Related questions, and I'll answer both in a single post.
While Machu Picchu was the object of our trek, it was not solely an uphill route (e.g. it was not at "the top"). Our 5-day trek followed the traditional route of the Inca Trail (Camino Inka: see a
good article in wikipedia), which in its prime stretched 40,000 km (~25,000 miles) along the length of the Incan Empire from Quito, Ecuador to Santiago, Chile. The Incans did not use the wheel so the trail itself is to a large extent stone stairsteps, and their lack of a written language makes the engineering projects of the Camino, the tambos (inns), fortresses, and temples, and larger sites like Saqsayhuaman, Ollantaytambo, or Machu Picchu even more astounding.
Our trekking route took us past at least half a dozen major archeological sites, and brought us a geographic, human, and historical perspective into which to put Machu Picchu when we finally arrived there. Most visitors will arrive there from the town of Aguas Calientes, which is served by a popular train line from the city of Cuzco, and from which half-hour (scary) bus rides zig-zag up the mountainside to reach the top where the sanctuary is located. I found someone's accurate photo of the buses' route here:

Our trekking group arrived at Machu Picchu sort of "from behind and above", in the early afternoon. We had rooms at the Sanctuary Lodge which is at the top of the mountain just outside the site gates (Only 30 rooms! You can see it at the top of the bus route in the photo above, with a dark green roof.), so we checked in there, returned to the site to explore, stayed overnight, explored more the next day, and finally took the (scary) bus ride down the hill to Aguas Calientes, from which we took the train into Cuzco.

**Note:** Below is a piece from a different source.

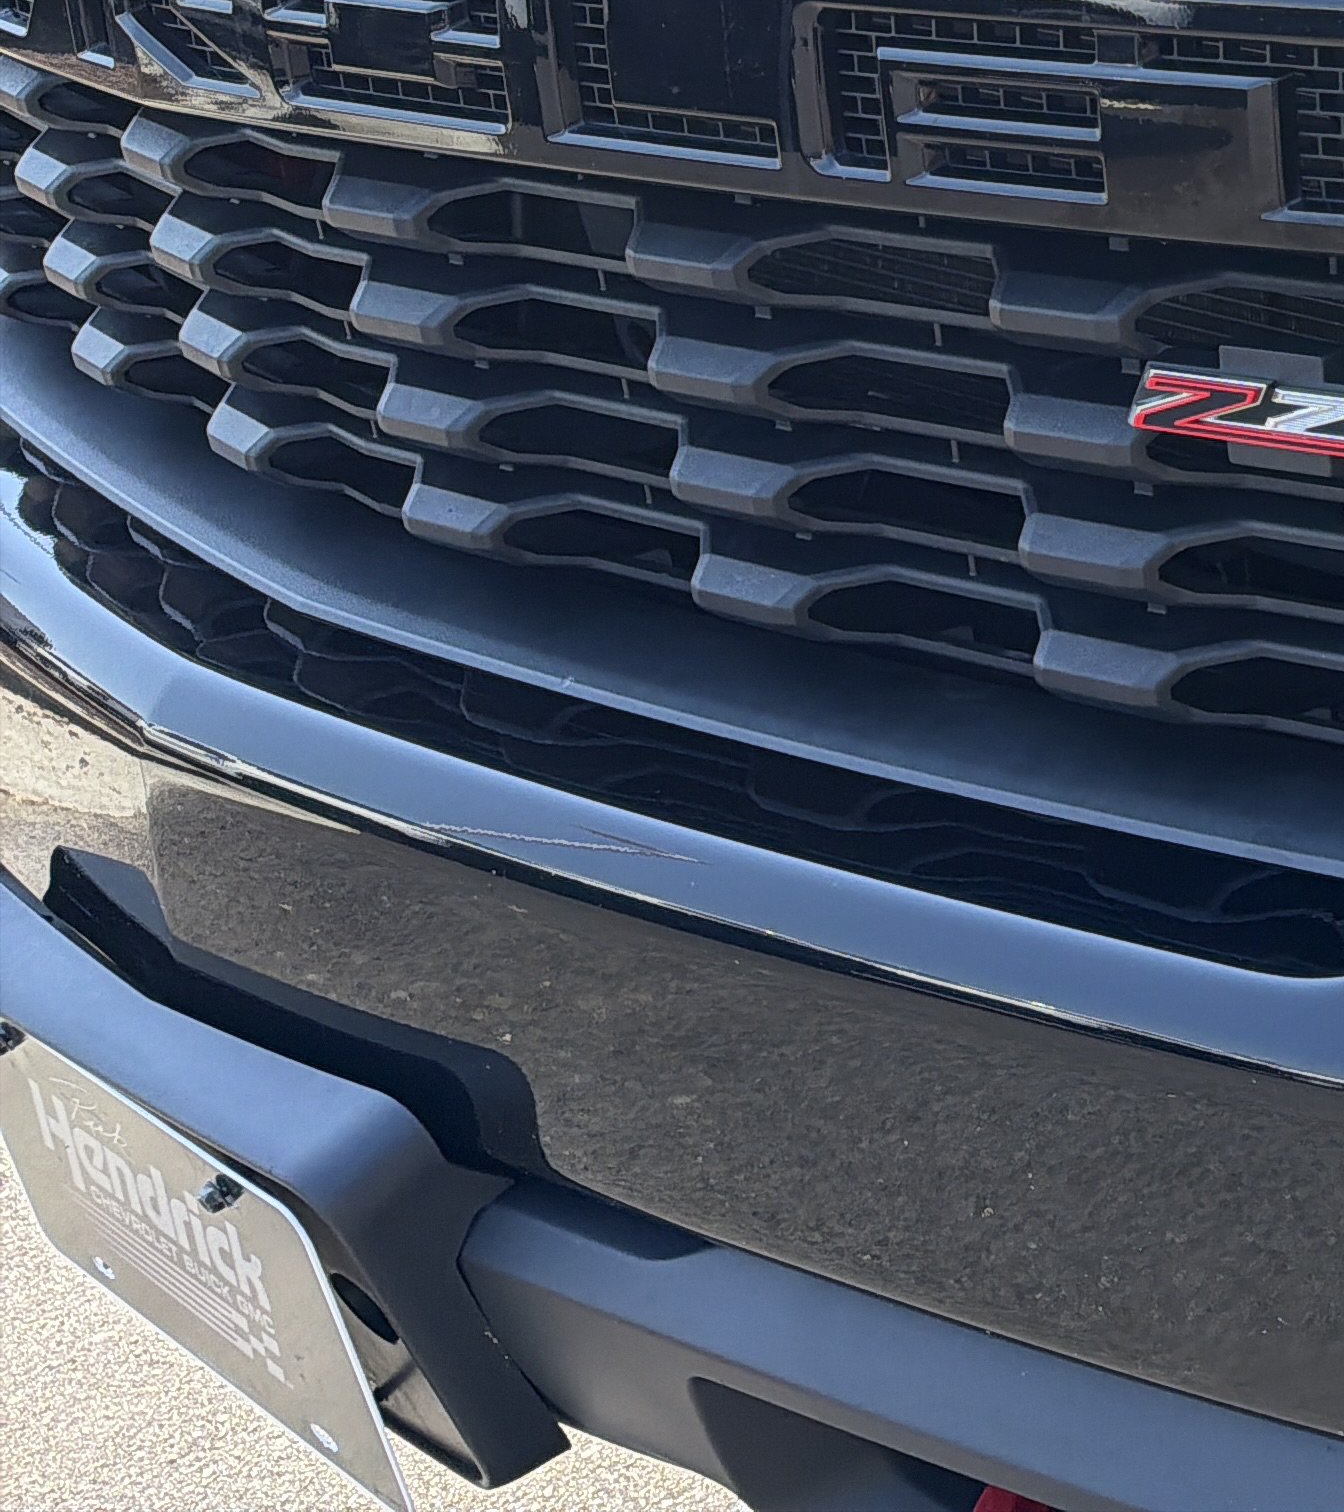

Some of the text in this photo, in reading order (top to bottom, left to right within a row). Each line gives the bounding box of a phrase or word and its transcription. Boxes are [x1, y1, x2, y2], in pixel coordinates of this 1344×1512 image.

[27, 1077, 272, 1314] Hendrick
[89, 1185, 276, 1335] CHEVROLET BUICK GMC
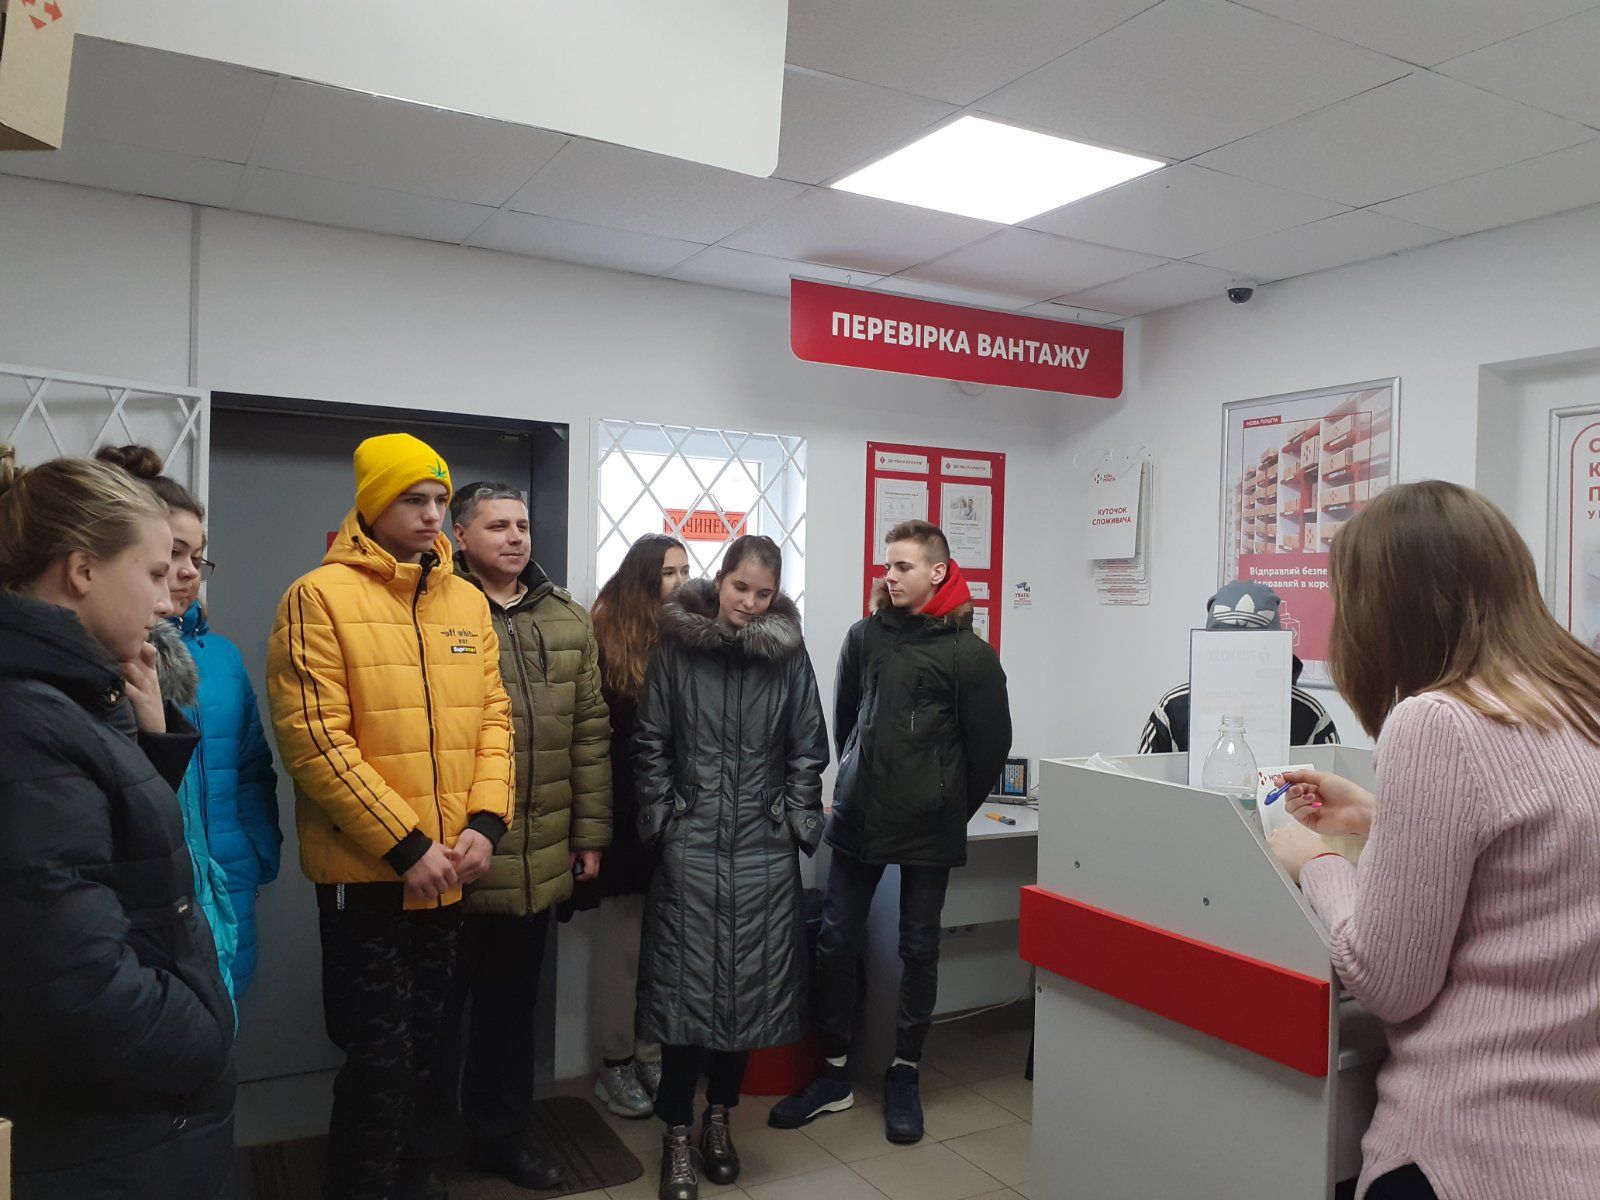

So no, I did not have to hike back for 5 days, nor did I have to arrange for a helicopter ride out. (Thankfully!)
There are other trekking routes which end at Machu Picchu, including some that take only 2 days. Most of the popular trekking routes are a day or two shorter than our route. So, there are options, and most of the folks who visit the site have not hiked to reach there.
--Diane.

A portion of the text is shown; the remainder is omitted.